Speaking to Retail Week after Iceland’s EBITDA plunged 25.7% to £150.2m for the year, Walker said its ecommerce proposition was “growing rapidly” and pledged to invest more in the platform.
He added: “It’s got to the point where it’s becoming a serious business for us now. It’s approaching £100m sales annually. We opened it very cheaply and are now able to invest a lot more in it.
“Because of our home delivery service we already had 1,300 vans on the road and 850 picking centres. All we needed was a website so we built one for £1.5m.
“Now we’ve got to improve it and invest in it, but that’s expensive.”
Walker said Iceland was now “regularly exceeding” 200,000 deliveries per week through a combination of its online sales and its free home delivery service for in-store purchases over £25.
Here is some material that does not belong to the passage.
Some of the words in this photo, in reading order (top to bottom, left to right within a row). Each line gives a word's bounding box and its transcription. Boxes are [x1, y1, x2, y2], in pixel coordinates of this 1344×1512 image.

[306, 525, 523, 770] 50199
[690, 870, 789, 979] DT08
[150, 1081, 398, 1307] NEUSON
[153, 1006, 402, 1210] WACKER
That compares favourably to the big four. Morrisons’ online sales are around £200m per year, but although that is double Iceland’s figure, the supermarket giant spent £216m to launch its ecommerce platform in a deal with Ocado.
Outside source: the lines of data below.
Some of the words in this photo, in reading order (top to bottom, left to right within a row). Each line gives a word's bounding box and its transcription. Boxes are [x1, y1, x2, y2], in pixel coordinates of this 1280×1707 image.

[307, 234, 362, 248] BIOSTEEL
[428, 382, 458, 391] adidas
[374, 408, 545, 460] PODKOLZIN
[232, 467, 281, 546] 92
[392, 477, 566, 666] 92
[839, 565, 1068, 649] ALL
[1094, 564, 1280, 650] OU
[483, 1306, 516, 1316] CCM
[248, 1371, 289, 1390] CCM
Meanwhile Sainsbury’s revealed a record week for online orders during its first quarter of 2015 after 265,000 transactions took place on its website during a seven-day period, just 65,000 more deliveries than Iceland makes.
Food Warehouse
Walker is also targeting investment in Iceland’s new Food Warehouse fascia, which he said will be rolled out in retail parks across the UK, with Iceland remaining in high street locations.
The Iceland boss said Food Warehouse would be the retailer’s “main focus for store growth” but admitted he would be “plucking a number out of the air” when asked if he was aiming to open a set number of stores under the new banner.
Six of the stores have already opened and Walker said four more were “in the pipeline” but did not reveal their locations.
Walker also insisted that frozen food was “doing well” and that the retailer’s like-for-like slump had been driven by falling sales in “sub-£5 baskets”. He said Iceland’s price difference on staple products such as bread, milk and eggs “isn’t enough” to bring people in from supermarkets, which have invested heavily in price in the wake of fierce competition from the discounters.
Asked what Iceland could do to buck that trend, Walker admitted: “Nothing. All we can do is grow frozen food.
“Our TV advert, ‘The Power of Frozen,’ is working well, but it’s not a quick promotional activity that’s going to turn sales on tomorrow unfortunately. We are in a long slog to try and change people’s perceptions not just of Iceland but of frozen food in general and it does seem to be working.”